Channel sequencing: the order matters more than the mix
I see a lot of newer ecommerce brands focusing on their channel mix, but underestimating how much the sequence matters.
A brand launching DTC from day one will deal with brutal economics. High CAC with no existing platform traffic, every single sale costs them a significant amount. But with time, and if they survive, that same brand owns something no marketplace gives them (especially not Amazon). They own a customer base, stronger pricing power, and brand equity. When they expand to other channels, they already have strong assets.
A brand launching on Amazon first gets the opposite. Faster revenue, lower CAC, immediate validation from customers. But the day they try to build a DTC presence or even expand to retail, they almost start from scratch. Their Amazon customers are hard to move to DTC, and the brand equity may not exist, because quite often it isn’t needed on Amazon.

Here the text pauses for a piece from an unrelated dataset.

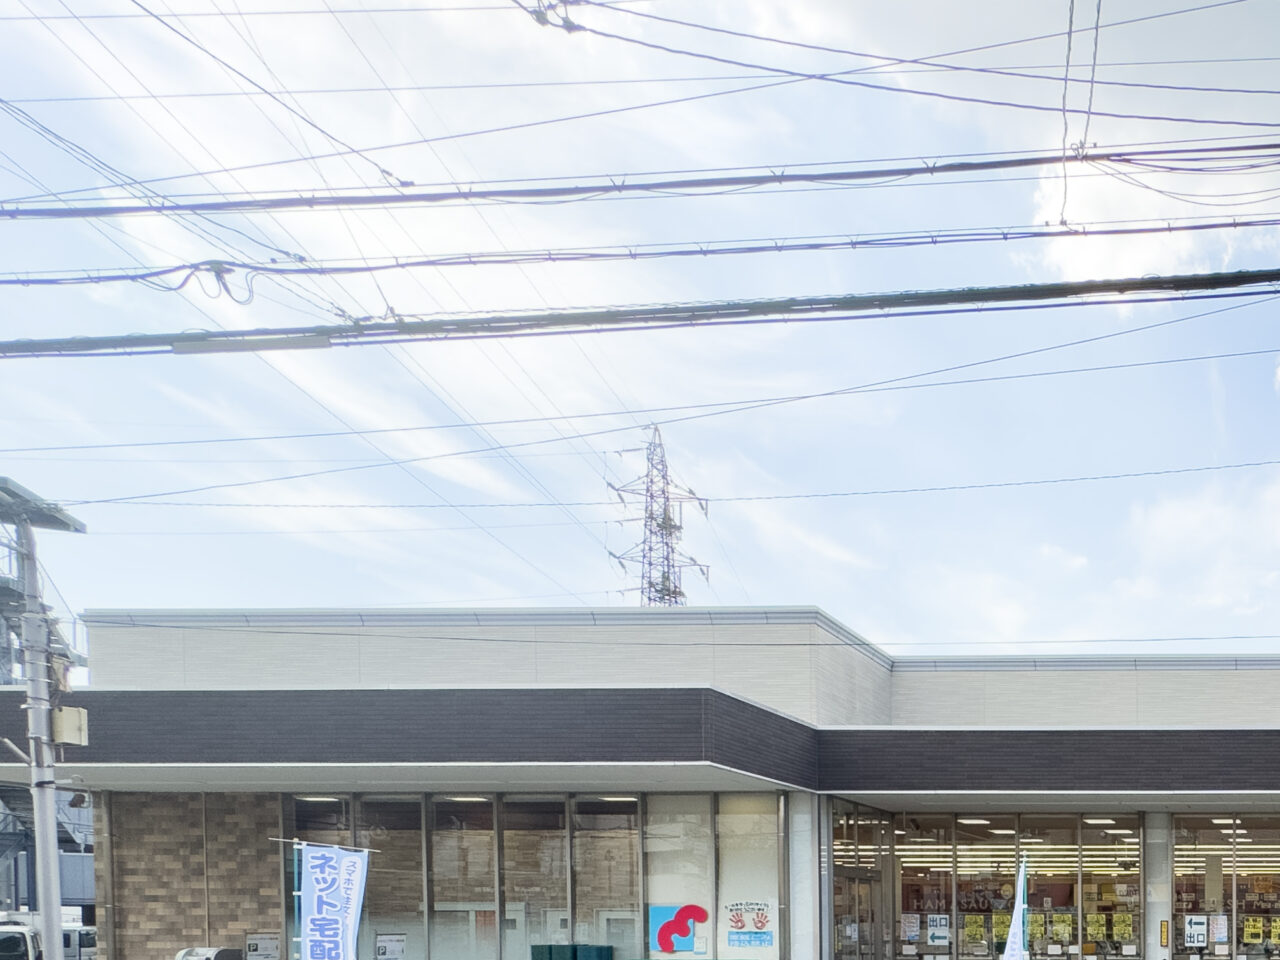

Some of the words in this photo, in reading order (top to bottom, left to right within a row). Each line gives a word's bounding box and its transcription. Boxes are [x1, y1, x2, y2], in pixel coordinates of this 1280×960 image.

The channel sequencing determines what the brand becomes, and each builds different assets. It isn’t limited to DTC vs marketplaces. TikTok builds the social side, while B&M retail gives strong credibility.
Here is an expensive lesson I learned when I owned a business last decade. It is more than figuring out which channels deliver revenues, but also which ones build the assets you need in the long term.
Quince raises $500M – will expansion dilute “affordable luxury”?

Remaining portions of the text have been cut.